R/simIDS.R

Defines functions simIDS

Documented in simIDS

# Code from Marc's Word file "new simHDS function with availability.docx"
# See emails 2022-02-16 ff.

# 1 A new data simulation function for HDS + PC data
# We now package into a function code written by Ken. All distance units will be thought of as being in metres

# Changes by Mike:
# Change function name to 'simIDS'.
# Use new 'simHDSpoint' function.
# Use density instead of abundance, change mean.lambda to mean.density, beta.lam to beta.density.
# Reorder arguments by data type (DS, PC, OC); use upper case HDS, PC, OC for all arguments.
# Skip PC or OC data generation if nsites_PC or nsites_OC = 0


# ------------ Start of function definition ---------------
simIDS <- function(mean.density = 1, beta.density = 1, mean.phi = 0.14, beta.phi = 0,
    # for distance sampling
    nsites_HDS = 1000,  sigHDS = 100, maxDist_HDS = 200, nbins = 4, range.dur.HDS = c(5, 5),
    # for point counts
    nsites_PC = 10000, sigPC = 70, maxDist_PC = 500, range.dur.PC = c(3, 30),
    # for occupancy = detection/nondetection
    nsites_OC = 5000, sigOC = sigPC, maxDist_OC = maxDist_PC, range.dur.OC = range.dur.PC,
    show.plots = TRUE) {
  #
  # Generates HDS data and PC data for an integrated distance sampling
  # (IDS) model with shared density and availability processes,
  # but possibly different detection/perceptability process
  # (i.e., different detection functions).
  #
  # All lengths are in meters, densities in animals per hectare.
  #
  # Arguments:
  # Ecological model:
  # mean.density: expected density, animals per ha.
  # beta.density: coefficient of expected density on habitat covariate
  # mean.phi: singing or activity rate phi, so that under the model of
  # Solymos et al. (2013) availability probability
  # theta = 1 – exp(- duration * mean.phi).
  # beta.phi: coefficient of log(singing rate) on some covariate (LATER PERHAPS)

  # Distance sampling
  # nsites_HDS: number of sites with HDS protocol
  # sigHDS: scale parameter sigma in the half-normal detection function
  #    at the HDS sites
  # nbins:   Number of distance bins
  # maxDist_HDS: Truncation distance of observations in the HDS protocol;
  #    any observations beyond this are discarded.
  # range.dur.HDS: range of the survey durations in minutes for the HDS
  #    surveys. By default, this is set to c(5, 5) for the HDS data,
  #    to enforce constancy (with 5 min distance sampling)

  # Point counts
  # nsites_PC: number of sites with simple point count (PC) protocol
  # sigPC: scale parameter sigma in the half-normal detection function
  #    at the PC sites
  # maxDist_PC: Maximum distance from the observer at which animals can be detected.
  # range.dur.PC: range of the survey durations in minutes for the PC
  #    surveys. Means will draw from uniform distribution on those bounds.
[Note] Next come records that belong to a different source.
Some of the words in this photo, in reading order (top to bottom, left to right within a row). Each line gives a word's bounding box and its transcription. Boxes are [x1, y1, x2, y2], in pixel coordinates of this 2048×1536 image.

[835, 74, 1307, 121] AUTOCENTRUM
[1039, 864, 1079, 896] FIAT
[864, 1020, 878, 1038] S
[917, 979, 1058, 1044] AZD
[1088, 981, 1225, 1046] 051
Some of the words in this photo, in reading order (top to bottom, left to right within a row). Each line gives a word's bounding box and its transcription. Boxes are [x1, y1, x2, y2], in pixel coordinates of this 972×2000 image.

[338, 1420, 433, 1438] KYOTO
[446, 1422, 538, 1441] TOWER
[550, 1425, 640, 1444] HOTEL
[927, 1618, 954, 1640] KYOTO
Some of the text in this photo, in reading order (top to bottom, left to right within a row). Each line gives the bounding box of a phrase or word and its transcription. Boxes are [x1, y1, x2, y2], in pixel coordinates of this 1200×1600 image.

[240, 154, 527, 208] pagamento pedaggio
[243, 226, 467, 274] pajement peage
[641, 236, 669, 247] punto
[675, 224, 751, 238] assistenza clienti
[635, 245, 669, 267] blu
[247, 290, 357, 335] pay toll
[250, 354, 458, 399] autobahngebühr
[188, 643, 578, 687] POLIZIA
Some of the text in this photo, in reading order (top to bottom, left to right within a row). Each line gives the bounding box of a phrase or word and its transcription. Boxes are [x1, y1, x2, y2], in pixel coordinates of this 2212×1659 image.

  # Detection/nondetection
  # nsites_OC: number of sites with Detection/nondetection (occupancy) protocol
  # sigOC: scale parameter sigma in the half-normal detection function
  #    at the OC sites
  # maxDist_OC: Maximum distance from the observer at which animals can be detected.
  # range.dur.OC: range of the survey durations in minutes for the OC
  #    surveys. Means will draw from uniform distribution on those bounds.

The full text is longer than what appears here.